Меня водили по медицинским кабинетам всю следующую неделю, с полным освобождением от школы и уроков. Мама сообщила директрисе, что возникло осложнение после сотрясения мозга и я нуждаюсь в дополнительных обследованиях, об этом вскоре узнали многие ученики, и некоторые ребята из параллельных классов звонили мне высказать слова поддержки, им, конечно, было наплевать на меня, просто хотелось узнать из первых уст, каково это – загреметь ночью в милицию? И надрал ли отец мне задницу? Я общался сухо и кратко, в страхе, что Ден может узнать об этом и разозлиться на меня еще больше. Роль дурака оказалась как никогда кстати, она послужила отличным прикрытием, после того как с носа сняли повязку. Санки продолжали появляться каждую ночь, но стояли впредь боком ко мне, а не лицом, как ранее, давая понять, что затаили обиду за морские узлы. Мне было что им ответить, я ведь угодил в отделение милиции в ту ночь, но я молчал, понимая, что сам заварил эту кашу. Нам пришлось ужиться на некоторое время, более я не мог выбираться из дома по ночам, мама закрывала дверь изнутри на ключ и прятала все дубликаты в своей спальне. Моя комната смахивала на тюремную камеру, особенно ночью, когда я разглядывал лунный круг сквозь деревянные перекладины санок.

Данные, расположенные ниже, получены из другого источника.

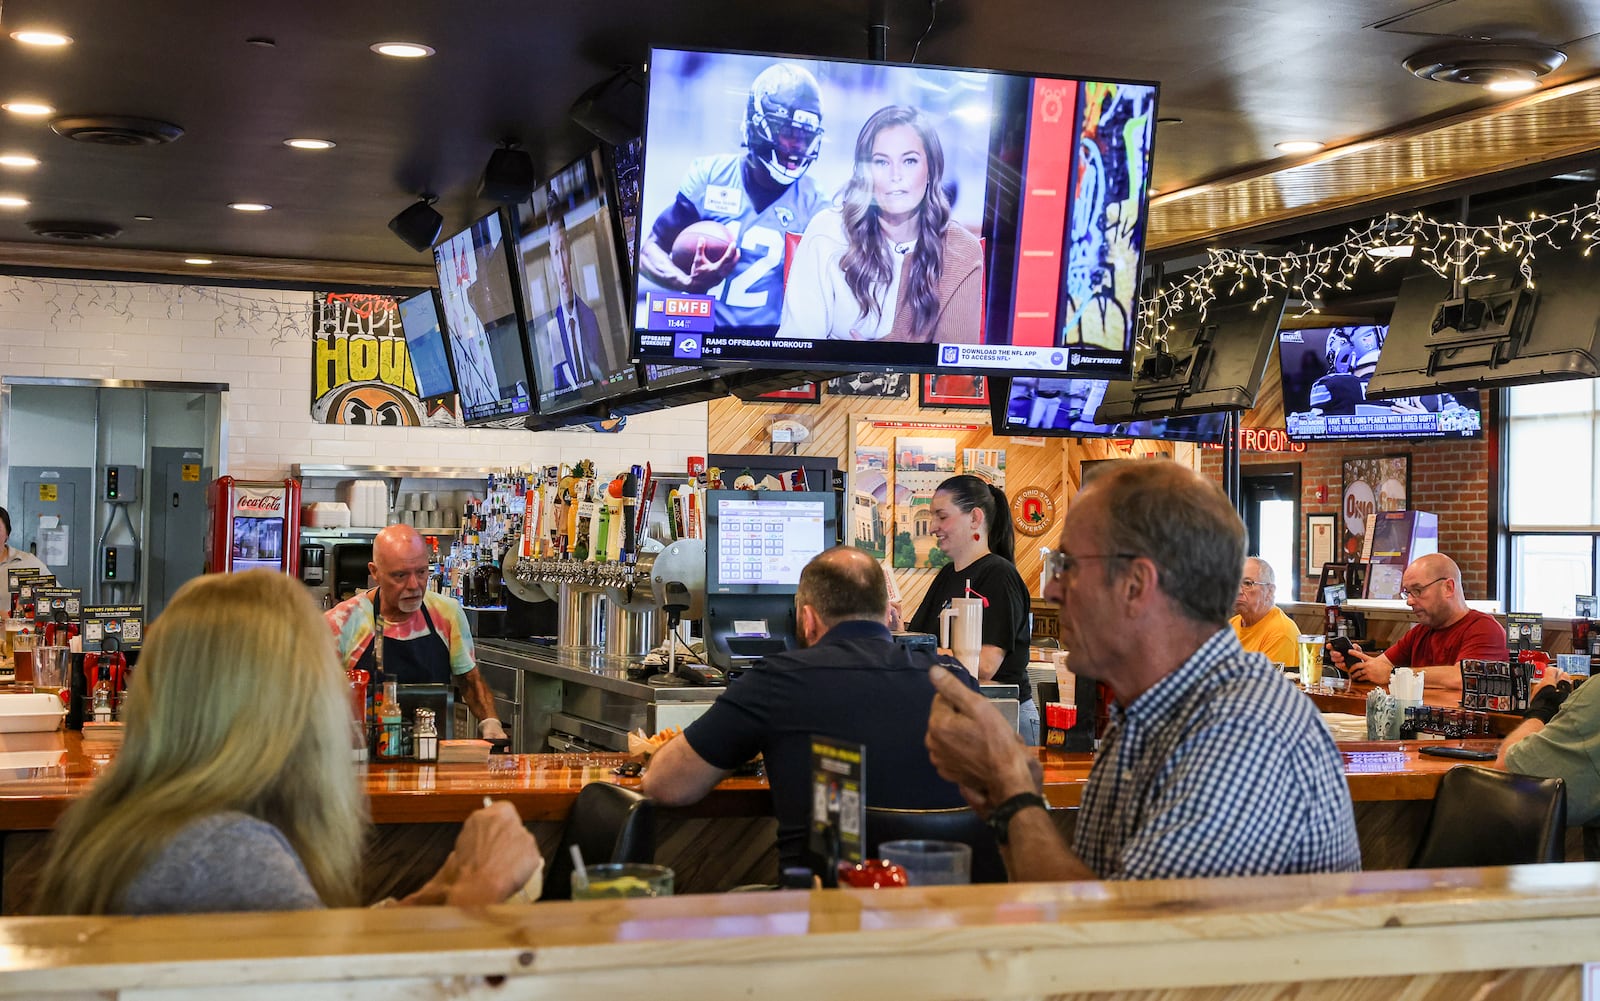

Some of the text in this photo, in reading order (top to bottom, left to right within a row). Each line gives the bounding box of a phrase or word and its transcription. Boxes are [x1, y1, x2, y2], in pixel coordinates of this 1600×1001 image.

[706, 220, 783, 308] 2
[668, 300, 709, 314] GMFB
[316, 298, 403, 337] HAPP
[668, 319, 685, 328] 11:44
[701, 346, 721, 355] 16-18
[706, 338, 813, 349] RAMS OFFSEASON WORKOUTS
[1080, 356, 1123, 364] NETWORK
[1327, 417, 1341, 425] HAVE
[1341, 416, 1351, 424] THE
[1351, 416, 1367, 424] LIONS
[1367, 416, 1387, 424] PEAKED
[1387, 415, 1402, 424] WITH
[1402, 415, 1418, 423] JARED
[237, 495, 283, 511] Coca-Cola
[1014, 489, 1053, 511] THE OHIO STATE
[1015, 516, 1050, 532] UNIVERSITY

От этого я чувствовал себя плохо, план побега сам собой созревал в моей голове, словно плоды цветущего дерева.
На последнем медицинском обследовании мне надели на голову резиновый дуршлаг и подключили множество электрических проводков.
– Что это? – спросил я очень серьезно и озадаченно, вспомнив такие шапочки в фильмах про американскую казнь.
– Этот анализ называется энцефалограмма головного мозга, она позволит определить активность твоих мозговых тканей и зафиксирует, если в них обнаружатся нарушения, – объяснила медсестра раздражающим тонким голосом.
Мама посадила меня в кресло и вышла в коридор.
– То есть вы прочтете мои мысли? – я вжался в кресло и приготовился сорвать с головы этот резиновый дуршлаг – мое тело оказывало неуправляемое сопротивление.
Она развернулась ко мне в профиль и, улыбнувшись на пол-лица, проговорила:
– Твои мысли, мой мальчик, мы знаем и без того, – ее голос резко поменял тональность на низкий и шипящий, зрачок налился кровью, веко искорежилось, будто его облили кислотой. Я зажмурился и перестал дышать.